Détresse sociale, difficultés psychologiques et réelles inquiétudes sur la valeur des formations et qualifications : voilà à quoi est confrontée une génération entière d’étudiants. Déjà malmenés avant la crise sanitaire, entre un accès à l’enseignement supérieur de plus en plus aléatoire une fois le bac en poche, des baisses des aides au logement récurrentes – quand, dans le même temps, le gouvernement supprime l’impôt sur la fortune – et une injonction maintenant majoritaire à exercer une activité salariée en plus de leur cursus, les conditions d’études et de vie des étudiants se dégradent.

Or, retarder l’ouverture des universités, c’est aussi un moyen de réduire la capacité des étudiants à s’organiser collectivement et à mener la bataille pour leurs droits. État des lieux d’une jeunesse qui essaie de faire exister ses mots d’ordre, malgré tout.

Génération sacrifiée

L’enseignement supérieur, ce sont trois millions d’étudiants – dont la moitié à l’université. Depuis le printemps dernier, ils sont majoritairement réduits à suivre des cours en distanciel. Les jobs étudiants qui leur permettaient de financer en partie leurs études ne sont plus d’actualité et le décrochage est une réalité pour nombre d’entre eux.

Depuis le début de la crise, l’Unef demande la mise en place de mesures d’urgence. Si certaines ont été arrachées, comme l’extension du « restau U à un euro » pour tous les étudiants ou encore le recrutement de psychologues dans les SUMPPS et assistantes sociales dans les CROUS, leur mise en place tarde. Concrètement, beaucoup de restaus U n’ont pas rouvert et les recrutements de personnels prendront des mois. Des mois qui ont été perdus en début de crise, quand personne, au ministère de l’Enseignement supérieur, ne semblait comprendre l’étendue du désastre.
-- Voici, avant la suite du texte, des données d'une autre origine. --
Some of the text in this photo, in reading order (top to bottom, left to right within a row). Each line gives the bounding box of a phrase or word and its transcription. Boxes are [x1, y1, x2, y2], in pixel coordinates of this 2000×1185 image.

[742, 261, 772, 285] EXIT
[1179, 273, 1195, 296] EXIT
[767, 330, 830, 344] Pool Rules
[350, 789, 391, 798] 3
D’autres mesures portées par les organisations étudiantes ne trouvent aucun écho. L’exonération des loyers, perçus alors même que les étudiants ne sont plus dans leurs logements – ils sont souvent rentrés en catastrophe chez leurs parents – n’est pas à l’ordre du jour. S’agissant de la réouverture des campus, elle se fait de manière si échelonnée, avec un cinquième des effectifs autorisé à être présent en même temps, qu’elle en devient une contrainte supplémentaire pour l’administration et un véritable casse-tête pour les jeunes. Certaines collectivités ont joué le jeu : subvention aux associations de distribution alimentaire ; aide à l’équipement en ordinateurs et à la connexion Internet ; résiliation facilitée des abonnements en transport en commun qui ne servent plus… mais ça ne suffit pas face à l’inaction gouvernementale.

Ouvrir le RSA aux plus jeunes

L’Unef a chiffré l’urgence sociale à 1,5 milliard d’euros immédiatement « pour sortir les étudiant·e·s de la galère ! », exigeant la revalorisation des bourses de 100 euros par mois et par échelon ; l’intégration de 100 000 nouveaux étudiants au système de bourses actuel ; la revalorisation de 20 % des aides au logement et la construction de 60 000 logements étudiants.
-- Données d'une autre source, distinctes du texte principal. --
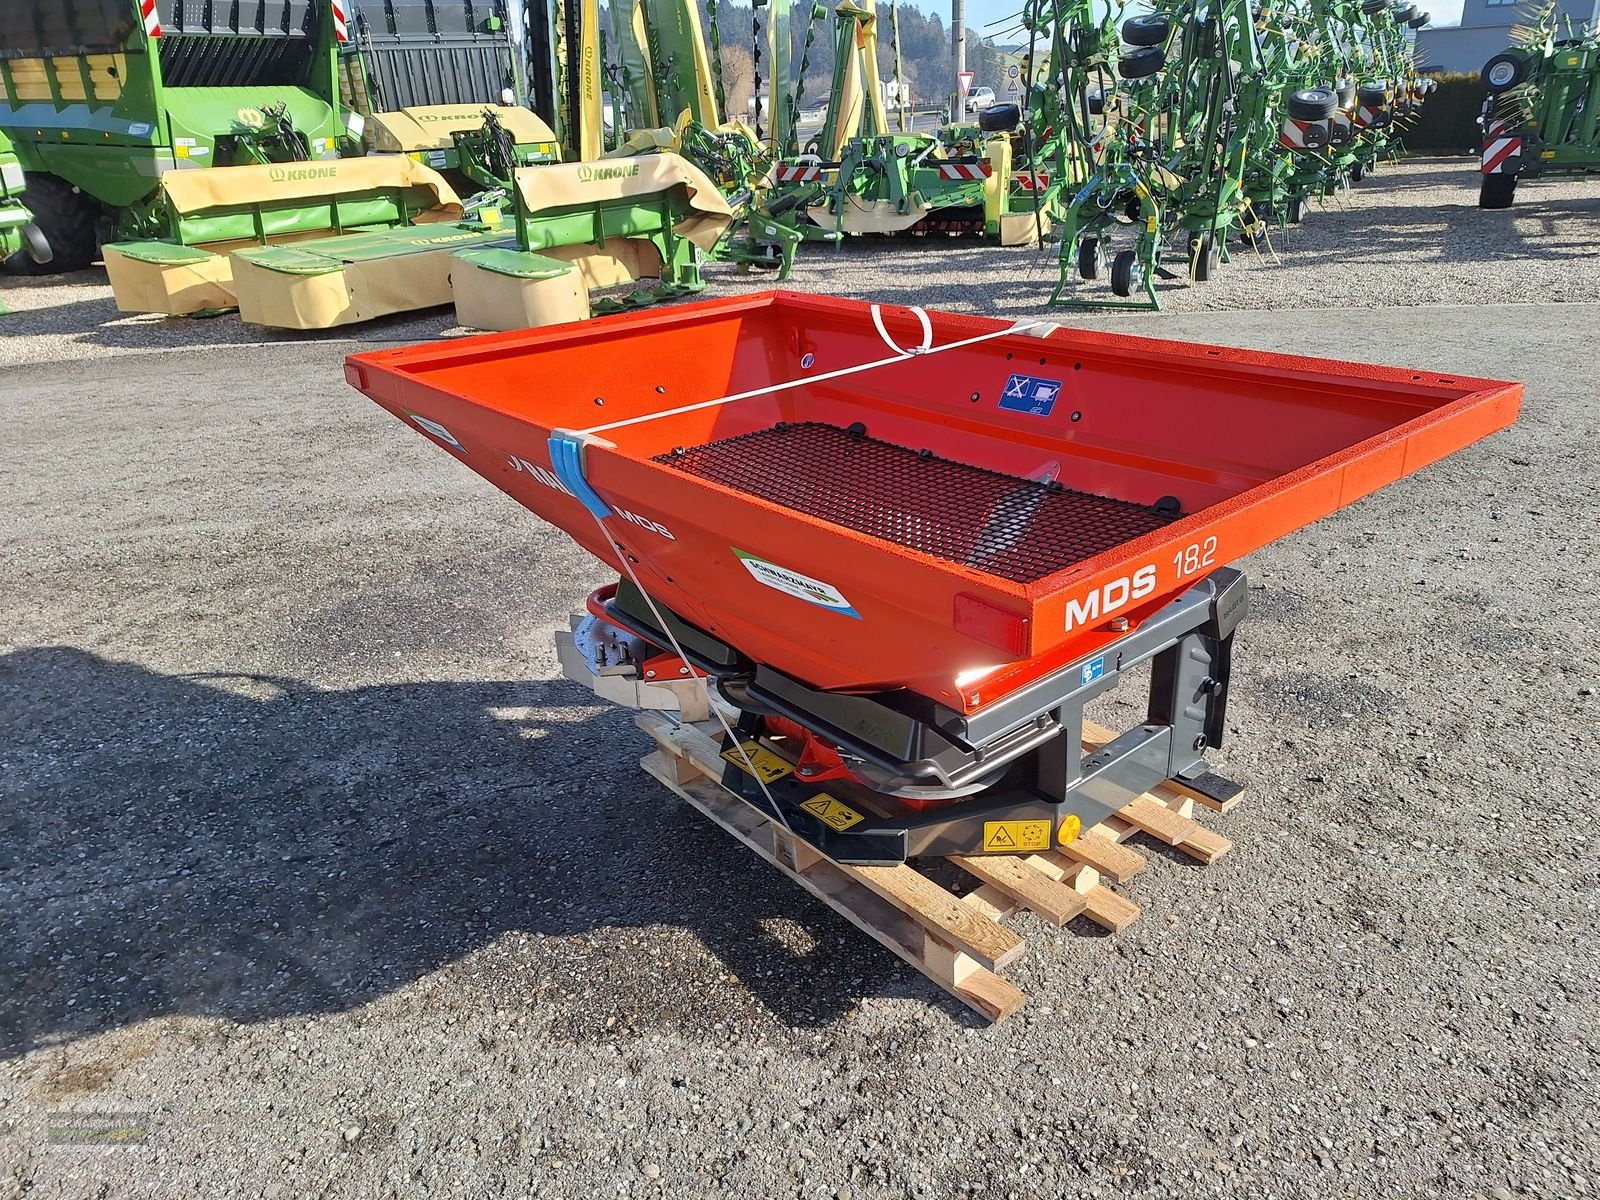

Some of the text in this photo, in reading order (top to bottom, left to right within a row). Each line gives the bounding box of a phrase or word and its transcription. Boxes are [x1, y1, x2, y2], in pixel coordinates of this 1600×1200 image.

[585, 59, 593, 101] KRONE
[287, 167, 337, 181] KRONE
[593, 164, 640, 181] KRONE
[430, 231, 483, 244] KRONE
[612, 504, 676, 540] MDS
[749, 560, 828, 595] SCHWARZMAYR
[1065, 535, 1217, 632] MDS 18.2
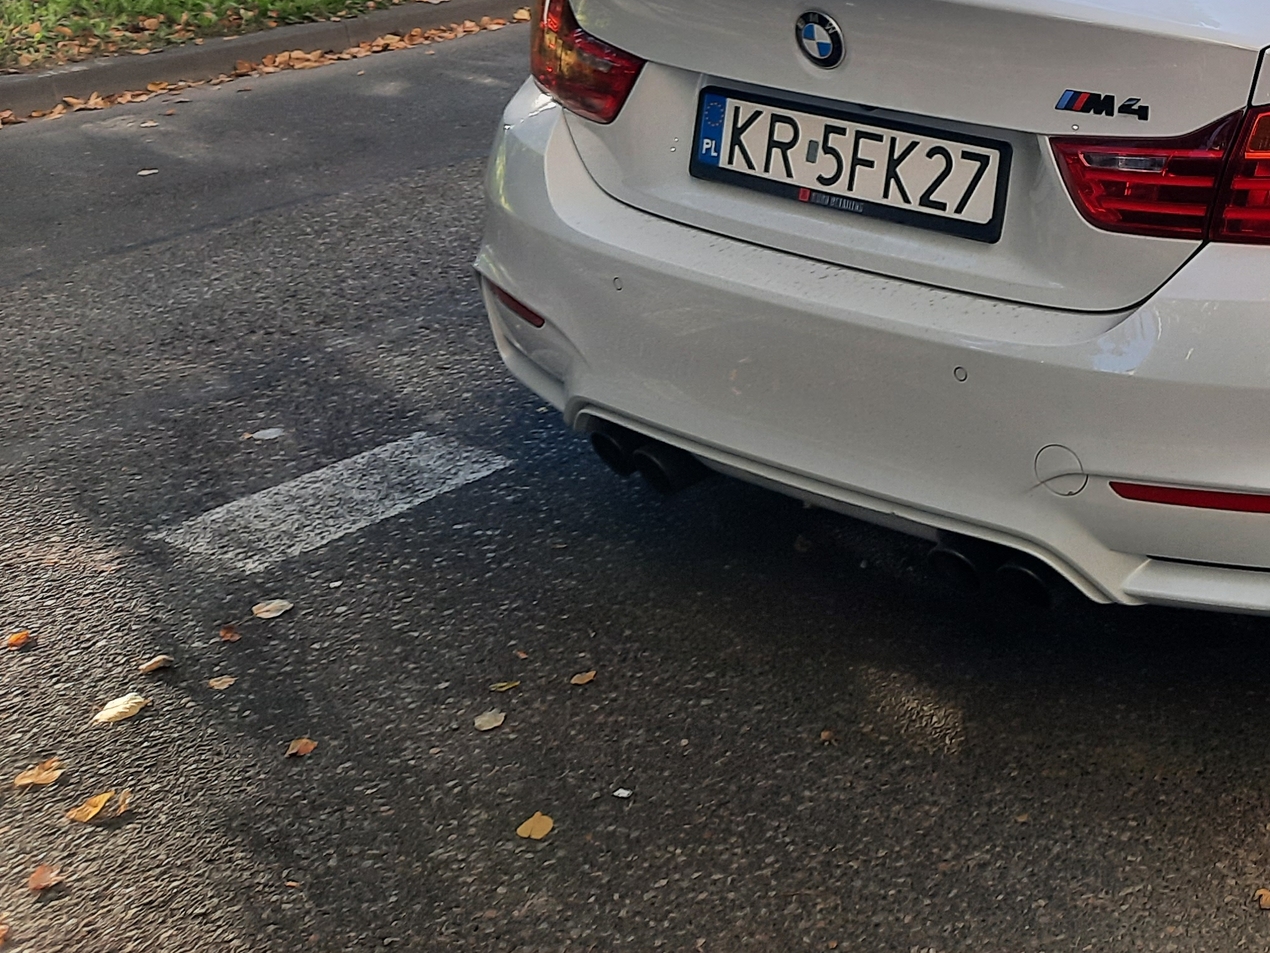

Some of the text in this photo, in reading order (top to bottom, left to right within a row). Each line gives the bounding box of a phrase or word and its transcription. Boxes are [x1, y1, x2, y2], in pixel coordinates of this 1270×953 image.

[797, 13, 837, 34] BMW
[1078, 91, 1150, 121] M4
[701, 138, 719, 157] PL
[727, 105, 991, 215] KR 5FK27
Parallèlement, un collectif d’associations, de syndicats et de mouvements politiques de jeunesse demande l’ouverture du RSA aux moins de 25 ans. Rejointe par des partis politiques, des collectivités – dont de nombreux départements de gauche qui assurent le versement de l’allocation pour le reste de la population –, cette initiative est bien venue. Si elle ne répond pas complètement aux besoins, elle est le minimum que peut et doit faire le gouvernement afin de répondre tout de suite aux difficultés sociales et économiques des plus jeunes. Ce n’est pas en proposant des prêts et des endettements en début de vie, comme le font très cyniquement des députés LREM, que les jeunes pourront sortir la tête de l’eau.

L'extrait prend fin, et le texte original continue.